Supplied data

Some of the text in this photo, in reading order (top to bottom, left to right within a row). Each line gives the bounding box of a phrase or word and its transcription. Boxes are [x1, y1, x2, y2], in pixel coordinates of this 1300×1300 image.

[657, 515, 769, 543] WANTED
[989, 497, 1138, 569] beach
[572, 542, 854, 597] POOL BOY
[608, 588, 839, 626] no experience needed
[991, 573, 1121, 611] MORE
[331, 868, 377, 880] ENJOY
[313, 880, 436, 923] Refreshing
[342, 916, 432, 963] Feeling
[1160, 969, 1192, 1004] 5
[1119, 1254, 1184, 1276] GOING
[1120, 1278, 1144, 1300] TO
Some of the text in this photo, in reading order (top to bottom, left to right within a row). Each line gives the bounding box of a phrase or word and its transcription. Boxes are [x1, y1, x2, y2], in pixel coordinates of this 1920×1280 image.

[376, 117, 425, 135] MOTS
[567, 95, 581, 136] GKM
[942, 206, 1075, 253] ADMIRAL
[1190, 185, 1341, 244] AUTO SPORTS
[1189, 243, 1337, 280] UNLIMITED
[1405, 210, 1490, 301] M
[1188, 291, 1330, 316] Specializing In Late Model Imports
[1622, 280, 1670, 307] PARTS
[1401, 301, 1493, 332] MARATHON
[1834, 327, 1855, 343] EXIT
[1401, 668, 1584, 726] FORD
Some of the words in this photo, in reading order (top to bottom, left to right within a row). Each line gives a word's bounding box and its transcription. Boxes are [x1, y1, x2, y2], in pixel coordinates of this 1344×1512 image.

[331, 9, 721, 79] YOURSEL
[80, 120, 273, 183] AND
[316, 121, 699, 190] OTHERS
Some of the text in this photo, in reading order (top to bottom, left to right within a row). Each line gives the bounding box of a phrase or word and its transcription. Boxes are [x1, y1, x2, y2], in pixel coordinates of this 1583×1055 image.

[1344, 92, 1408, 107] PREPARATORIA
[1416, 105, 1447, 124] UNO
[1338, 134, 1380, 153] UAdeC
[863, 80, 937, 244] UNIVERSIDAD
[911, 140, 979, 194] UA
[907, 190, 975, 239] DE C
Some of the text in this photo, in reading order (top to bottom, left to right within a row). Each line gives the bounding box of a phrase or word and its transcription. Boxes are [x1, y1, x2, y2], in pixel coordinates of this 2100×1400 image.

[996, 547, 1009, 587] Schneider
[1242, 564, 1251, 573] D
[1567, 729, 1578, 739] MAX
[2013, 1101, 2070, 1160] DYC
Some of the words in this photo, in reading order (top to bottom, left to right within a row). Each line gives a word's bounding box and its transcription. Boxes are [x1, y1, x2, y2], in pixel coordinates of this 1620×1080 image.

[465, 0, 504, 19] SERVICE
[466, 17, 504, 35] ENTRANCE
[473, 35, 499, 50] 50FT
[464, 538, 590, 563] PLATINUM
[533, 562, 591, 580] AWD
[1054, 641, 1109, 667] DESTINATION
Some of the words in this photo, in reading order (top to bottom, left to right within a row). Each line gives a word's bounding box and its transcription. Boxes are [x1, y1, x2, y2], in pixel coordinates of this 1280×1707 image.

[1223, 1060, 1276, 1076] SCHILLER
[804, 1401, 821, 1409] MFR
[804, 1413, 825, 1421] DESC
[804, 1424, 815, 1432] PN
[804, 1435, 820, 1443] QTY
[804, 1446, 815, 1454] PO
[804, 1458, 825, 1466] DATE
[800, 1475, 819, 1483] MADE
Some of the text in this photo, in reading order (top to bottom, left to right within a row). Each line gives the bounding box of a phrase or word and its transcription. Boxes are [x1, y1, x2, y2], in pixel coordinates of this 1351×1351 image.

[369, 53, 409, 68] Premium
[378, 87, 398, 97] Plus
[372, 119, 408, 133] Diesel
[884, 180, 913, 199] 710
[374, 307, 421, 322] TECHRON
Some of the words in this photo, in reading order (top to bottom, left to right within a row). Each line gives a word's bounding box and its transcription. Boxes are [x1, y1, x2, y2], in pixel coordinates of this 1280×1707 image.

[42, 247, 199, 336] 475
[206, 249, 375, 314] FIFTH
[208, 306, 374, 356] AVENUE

Task goal
Your task is to give the records above again, exactly.

Answer box
Some of the text in this photo, in reading order (top to bottom, left to right within a row). Each line gives the bounding box of a phrase or word and its transcription. Boxes are [x1, y1, x2, y2], in pixel coordinates of this 1300×1300 image.

[657, 515, 769, 543] WANTED
[989, 497, 1138, 569] beach
[572, 542, 854, 597] POOL BOY
[608, 588, 839, 626] no experience needed
[991, 573, 1121, 611] MORE
[331, 868, 377, 880] ENJOY
[313, 880, 436, 923] Refreshing
[342, 916, 432, 963] Feeling
[1160, 969, 1192, 1004] 5
[1119, 1254, 1184, 1276] GOING
[1120, 1278, 1144, 1300] TO
Some of the text in this photo, in reading order (top to bottom, left to right within a row). Each line gives the bounding box of a phrase or word and its transcription. Boxes are [x1, y1, x2, y2], in pixel coordinates of this 1920×1280 image.

[376, 117, 425, 135] MOTS
[567, 95, 581, 136] GKM
[942, 206, 1075, 253] ADMIRAL
[1190, 185, 1341, 244] AUTO SPORTS
[1189, 243, 1337, 280] UNLIMITED
[1405, 210, 1490, 301] M
[1188, 291, 1330, 316] Specializing In Late Model Imports
[1622, 280, 1670, 307] PARTS
[1401, 301, 1493, 332] MARATHON
[1834, 327, 1855, 343] EXIT
[1401, 668, 1584, 726] FORD
Some of the words in this photo, in reading order (top to bottom, left to right within a row). Each line gives a word's bounding box and its transcription. Boxes are [x1, y1, x2, y2], in pixel coordinates of this 1344×1512 image.

[331, 9, 721, 79] YOURSEL
[80, 120, 273, 183] AND
[316, 121, 699, 190] OTHERS
Some of the text in this photo, in reading order (top to bottom, left to right within a row). Each line gives the bounding box of a phrase or word and its transcription. Boxes are [x1, y1, x2, y2], in pixel coordinates of this 1583×1055 image.

[1344, 92, 1408, 107] PREPARATORIA
[1416, 105, 1447, 124] UNO
[1338, 134, 1380, 153] UAdeC
[863, 80, 937, 244] UNIVERSIDAD
[911, 140, 979, 194] UA
[907, 190, 975, 239] DE C
Some of the text in this photo, in reading order (top to bottom, left to right within a row). Each line gives the bounding box of a phrase or word and its transcription. Boxes are [x1, y1, x2, y2], in pixel coordinates of this 2100×1400 image.

[996, 547, 1009, 587] Schneider
[1242, 564, 1251, 573] D
[1567, 729, 1578, 739] MAX
[2013, 1101, 2070, 1160] DYC
Some of the words in this photo, in reading order (top to bottom, left to right within a row). Each line gives a word's bounding box and its transcription. Boxes are [x1, y1, x2, y2], in pixel coordinates of this 1620×1080 image.

[465, 0, 504, 19] SERVICE
[466, 17, 504, 35] ENTRANCE
[473, 35, 499, 50] 50FT
[464, 538, 590, 563] PLATINUM
[533, 562, 591, 580] AWD
[1054, 641, 1109, 667] DESTINATION
Some of the words in this photo, in reading order (top to bottom, left to right within a row). Each line gives a word's bounding box and its transcription. Boxes are [x1, y1, x2, y2], in pixel coordinates of this 1280×1707 image.

[1223, 1060, 1276, 1076] SCHILLER
[804, 1401, 821, 1409] MFR
[804, 1413, 825, 1421] DESC
[804, 1424, 815, 1432] PN
[804, 1435, 820, 1443] QTY
[804, 1446, 815, 1454] PO
[804, 1458, 825, 1466] DATE
[800, 1475, 819, 1483] MADE
Some of the text in this photo, in reading order (top to bottom, left to right within a row). Each line gives the bounding box of a phrase or word and its transcription. Boxes are [x1, y1, x2, y2], in pixel coordinates of this 1351×1351 image.

[369, 53, 409, 68] Premium
[378, 87, 398, 97] Plus
[372, 119, 408, 133] Diesel
[884, 180, 913, 199] 710
[374, 307, 421, 322] TECHRON
Some of the words in this photo, in reading order (top to bottom, left to right within a row). Each line gives a word's bounding box and its transcription. Boxes are [x1, y1, x2, y2], in pixel coordinates of this 1280×1707 image.

[42, 247, 199, 336] 475
[206, 249, 375, 314] FIFTH
[208, 306, 374, 356] AVENUE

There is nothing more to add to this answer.